NJS: I disagree. I think it is a political song. I would classify it as a political song because it is so clearly addressing this political moment that we're in. But I hear what you're saying. You can think of it either way. I don't think it's right or wrong. But I view it as a political song.
It's interesting that that two of you, as co-writers, have different views of what you've created together.
KL: Yeah, I think it's totally interesting. This is kind of as political as I would ever know how to get. ... I tend to try to see both perspectives on an issue, and a lot of times that makes me have a harder time speaking out really boldly one way or another, except in certain circumstances.

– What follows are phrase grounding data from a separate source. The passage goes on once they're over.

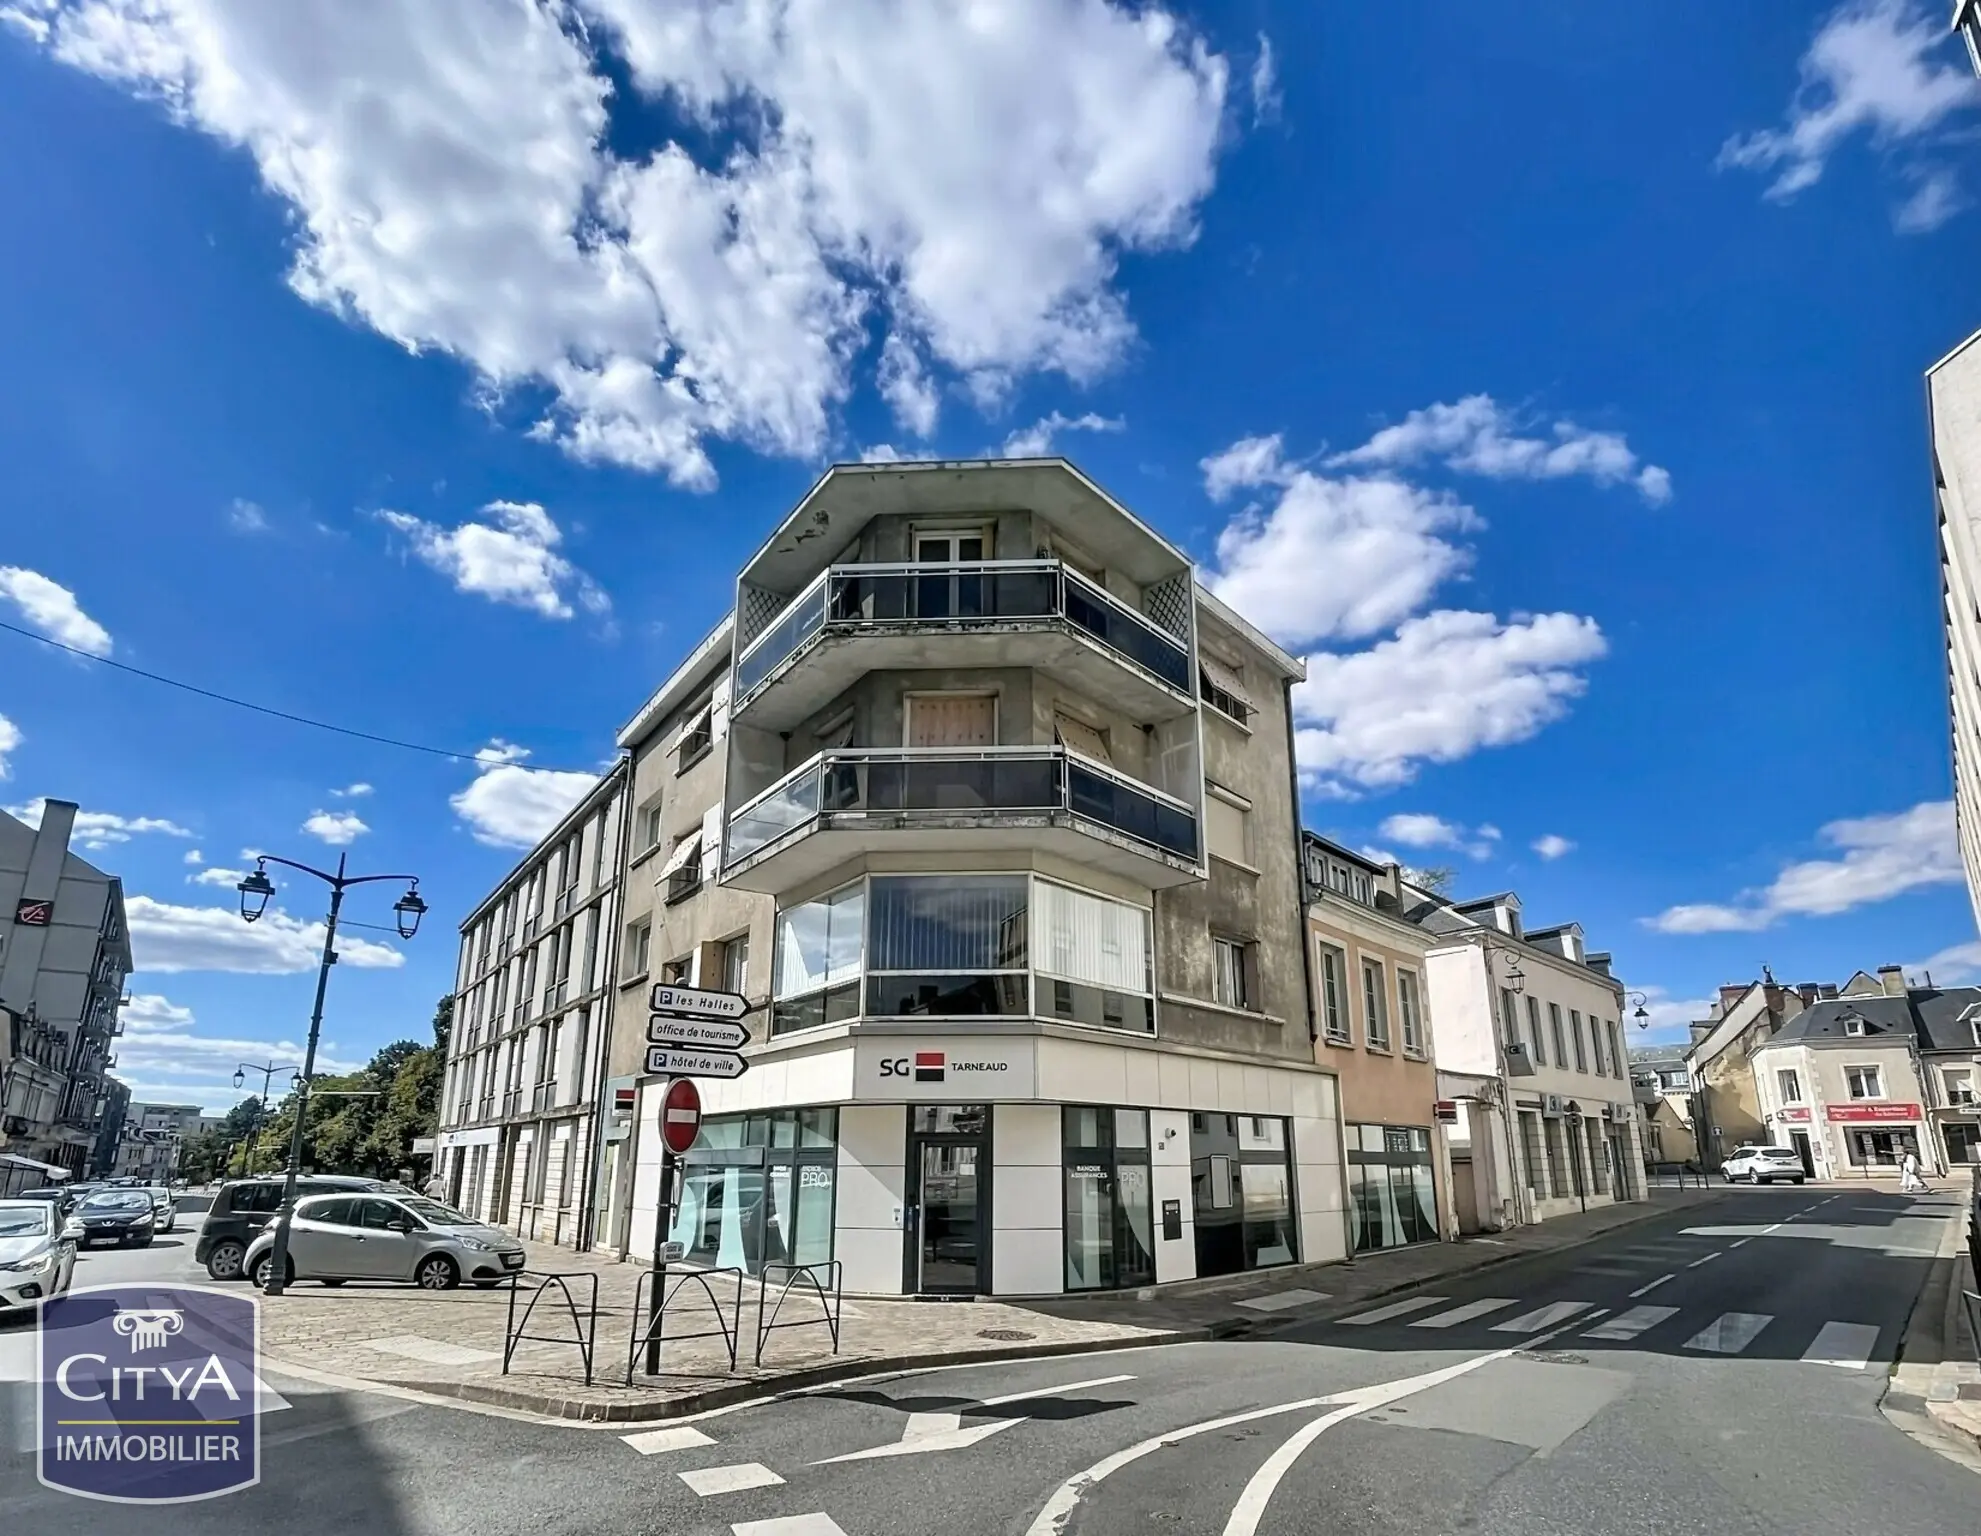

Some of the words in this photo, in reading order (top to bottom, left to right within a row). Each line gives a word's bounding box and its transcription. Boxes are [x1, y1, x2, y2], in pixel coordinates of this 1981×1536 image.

[661, 992, 671, 1004] P
[676, 995, 693, 1006] les
[699, 998, 734, 1011] Halles
[656, 1024, 685, 1036] office
[687, 1027, 699, 1038] de
[701, 1029, 740, 1041] tourisme
[655, 1054, 666, 1067] P
[670, 1056, 698, 1068] hôtel
[699, 1058, 711, 1070] de
[714, 1060, 734, 1071] ville
[879, 1058, 910, 1077] SG
[951, 1062, 1008, 1072] TARNEAUD
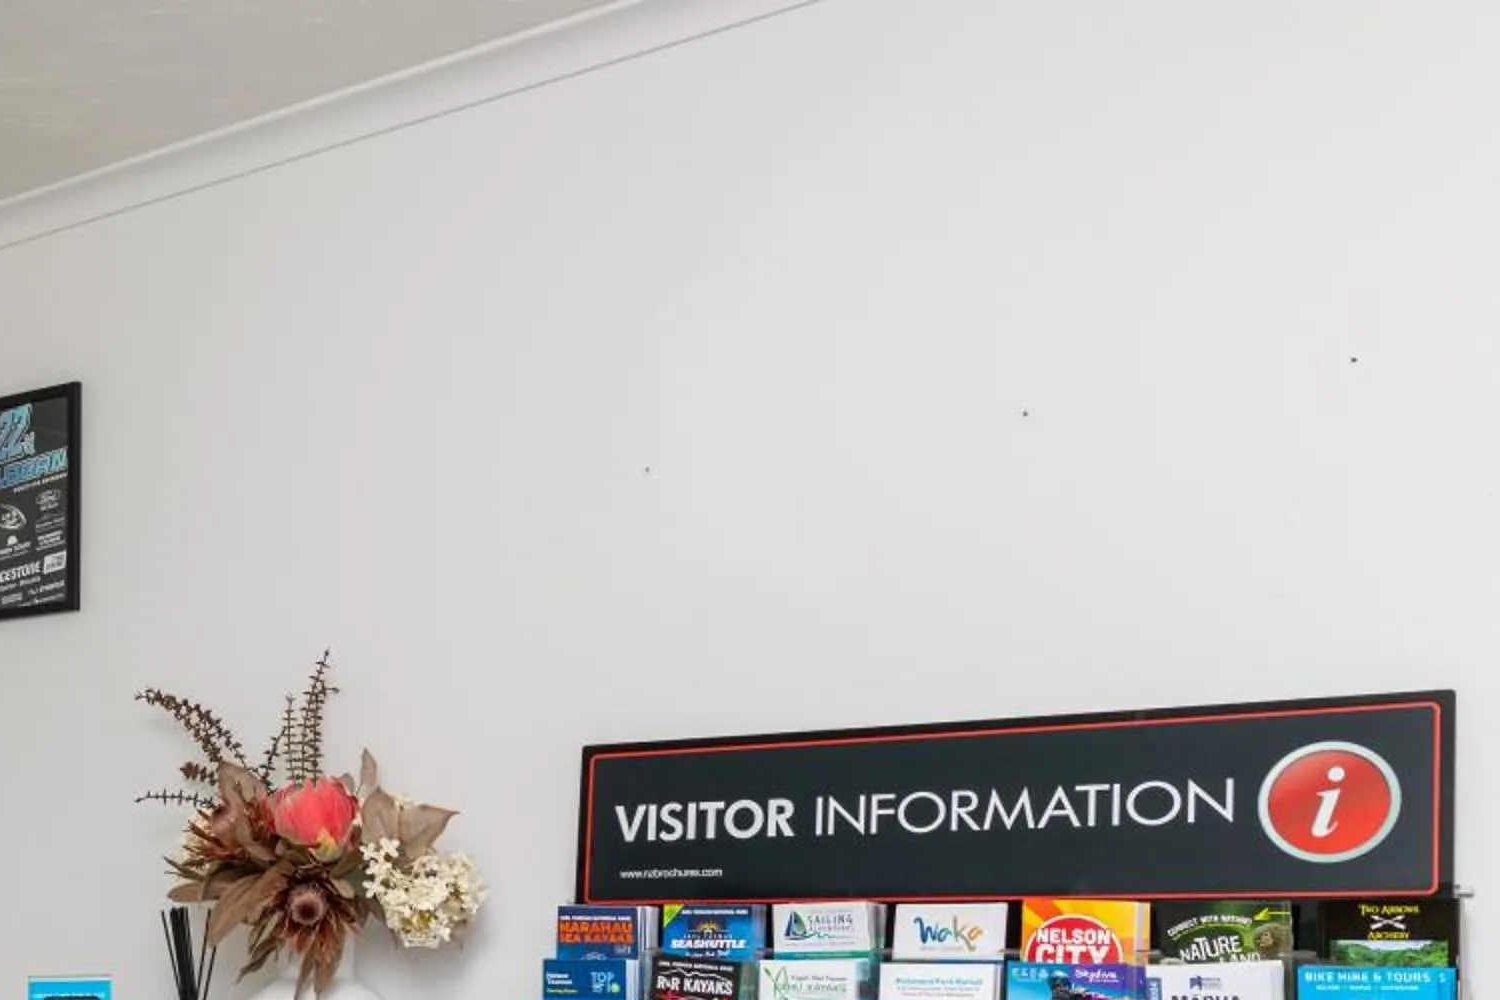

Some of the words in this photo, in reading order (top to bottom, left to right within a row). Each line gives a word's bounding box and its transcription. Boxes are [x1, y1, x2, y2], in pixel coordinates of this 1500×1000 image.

NJS: Funny enough, I feel the same way. Most of my life, I have not really been comfortable expressing my own political opinions. For one, I always feel like there's more research I need to do before I can really speak intelligently on many, many topics. But also because I don't want to alienate people or whatever. I feel like what so many artists have experienced since the election — and not just artists — so many people in our country have had the realization that, "OK, now I really need to get active and be motivated to defend my beliefs." On both sides I think people are doing that.
KL: Getting back to your point, Nora Jane, the heart of this song is about us as singer-songwriters who tour all the time. We both stay with people on a regular basis who maybe think differently than we do.
I'd think it's very hard to be dismissive of what people think when they're hosting you in their home and you're accepting their hospitality.
NJS: Absolutely. That is a key piece of it. For me, traveling around and being treated with so much grace and hospitality by so many different kinds of people, it makes it impossible to look at a map of America where everything is blue and red and see it only as blue and red. Because I know people in the blue places and the red places, and they're actual people. And I've talked to them and I've hung out with their dogs and I've played with their babies. They're good people. ... I wish I could share those experiences with people who look at those maps and only see blue and red. I think our hope is that this song is going to direct some energy toward humanizing each other.